Different processing technologies are available at an industrial scale for grape juice production, the main techniques being the “Hot press” (HP), “Cold press” (CP) and “Hot Break” (HB) processes [13,21]. These processes have undergone continuous improvements to increase the quality and yield of the grape juice production. In the HP process, grapes are destemmed, crushed and heated to temperatures ranging from 60 to 62 °C to facilitate the extraction of the substances inside the grape cells (Figure 1). Pectinase enzymes are added to degrade pectins and facilitate juice separation. The heated grapes are deposited in stainless steel tanks equipped with internal stirring to facilitate the extraction of the compounds contained in the grape skins, a stage known as maceration. Maceration time ranges from 30 to 90 min, depending on the grape variety, agitation intensity, temperature and colour intensity desired [22]. The difference between the “Hot press” and the “Cold press” processes are small, the main difference being the performance of the maceration at room temperature and the addition of sulphur dioxide (SO2) after grape crushing to inhibit the action of oxidative enzymes and undesirable microorganisms. Enzymatic preparations based on pectinases are also added in order to degrade the grape skin structures and facilitate the release of phenolic compounds in the juice. Lastly, in the “Hot Break” juice processing, the grapes are crushed and heated at temperatures higher than 75 °C, usually between 77 °C and 82 °C, for a short time to deactivate the polyphenoloxidases, and then cooled to 60 °C to add pectinase enzyme [1,14]. To enhance the juice phenolic and aromatic composition, maceration during juice extraction is performed [14]. In addition, heating of the crushed grape has the main objective to facilitate the release of the juice and anthocyanins responsible for the juice colour. After grape pressing, the cloudy juice is subjected to clarification treatments to remove the suspended solids, usually with the use of rotary vacuum filter or industrial centrifuges, following stabilisation, pasteurisation at 85 °C for three minutes and hot bottling [13,21].

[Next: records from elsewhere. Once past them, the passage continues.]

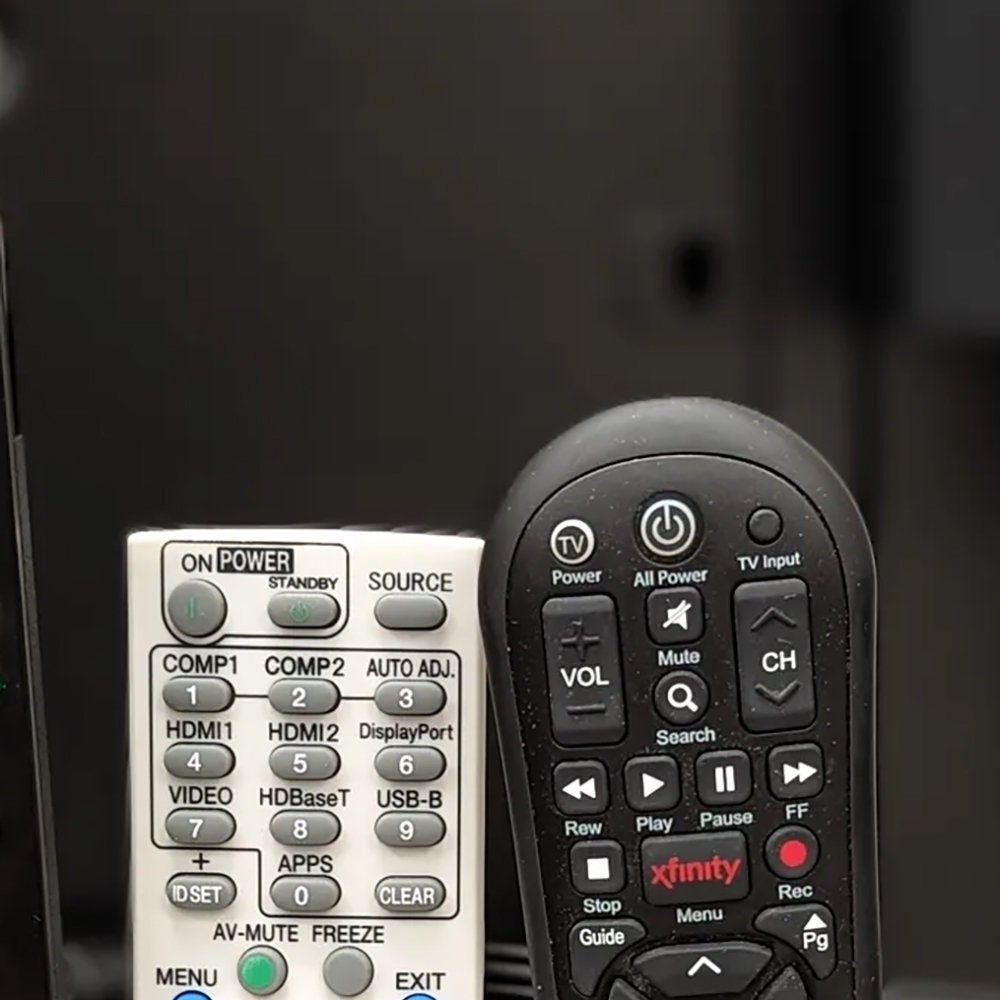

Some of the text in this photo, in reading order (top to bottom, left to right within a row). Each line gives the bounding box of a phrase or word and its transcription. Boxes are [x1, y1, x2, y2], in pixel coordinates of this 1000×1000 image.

[559, 535, 585, 554] TV
[181, 554, 212, 573] ON
[220, 550, 291, 573] POWER
[737, 553, 801, 571] TV Input
[268, 577, 338, 590] STANDBY
[368, 573, 453, 592] SOURCE
[552, 570, 602, 585] Power
[634, 568, 708, 587] All Power
[163, 654, 237, 675] COMP1
[264, 657, 345, 677] COMP2
[658, 650, 700, 666] Mute
[762, 650, 796, 672] CH
[366, 658, 455, 679] AUTO ADJ.
[561, 666, 609, 687] VOL
[186, 685, 197, 705] 1
[292, 687, 306, 708] 2
[399, 688, 413, 709] 3
[167, 721, 233, 741] HDMI1
[269, 723, 339, 743] HDMI2
[359, 723, 453, 745] DisplayPort
[656, 728, 716, 746] Search
[187, 752, 201, 772] 4
[293, 753, 307, 773] 5
[399, 754, 414, 775] 6
[169, 786, 233, 806] VIDEO
[259, 788, 351, 807] HDBaseT
[377, 790, 442, 808] USB-B
[700, 810, 753, 828] Pause
[786, 803, 809, 819] FF
[189, 819, 203, 839] 7
[293, 818, 308, 839] 8
[400, 819, 414, 841] 9
[565, 820, 602, 836] Rew
[636, 817, 673, 834] Play
[278, 855, 333, 873] APPS
[651, 856, 741, 889] xfinity
[294, 886, 308, 906] 0
[379, 886, 435, 905] CLEAR
[778, 885, 813, 900] Rec
[583, 899, 622, 915] Stop
[676, 908, 723, 924] Menu
[213, 924, 299, 943] AV-MUTE
[312, 925, 385, 944] FREEZE
[579, 930, 625, 946] Guide
[803, 932, 829, 951] Pg
[156, 968, 218, 987] MENU
[395, 973, 447, 992] EXIT
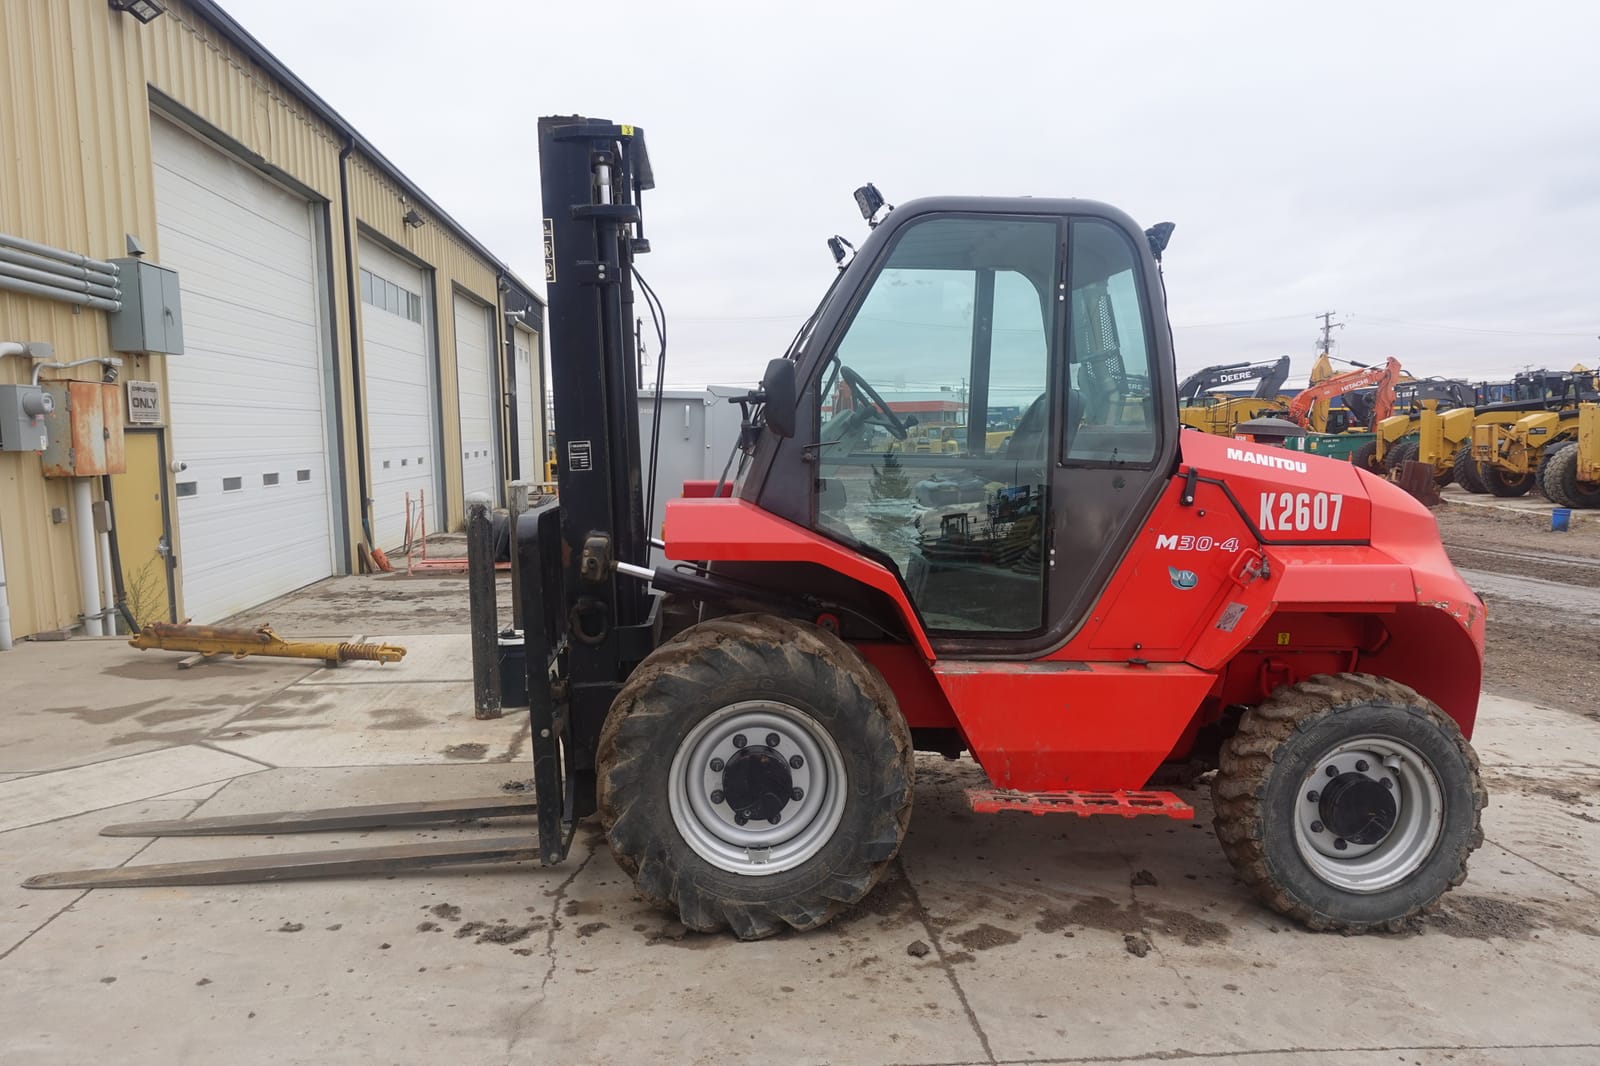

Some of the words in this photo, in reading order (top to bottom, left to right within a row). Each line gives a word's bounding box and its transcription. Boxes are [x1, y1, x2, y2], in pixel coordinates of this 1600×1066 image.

From these technological processes, the continuous hot-pressing process is the most adopted technique worldwide since the cold press process extracts a very low juice yield (~18%) [22,23]. It is also important to consider, in the choice of the grape juice processing technology, the efficient extraction of phenolic compounds from skins, since these compounds are of extreme importance to guarantee a high quality level of the final product, namely its colour and antioxidant capacity but also juice astringency and bitterness [24]. Therefore, the extraction process is essential for the red grape juices’ chemical composition and sensory attributes.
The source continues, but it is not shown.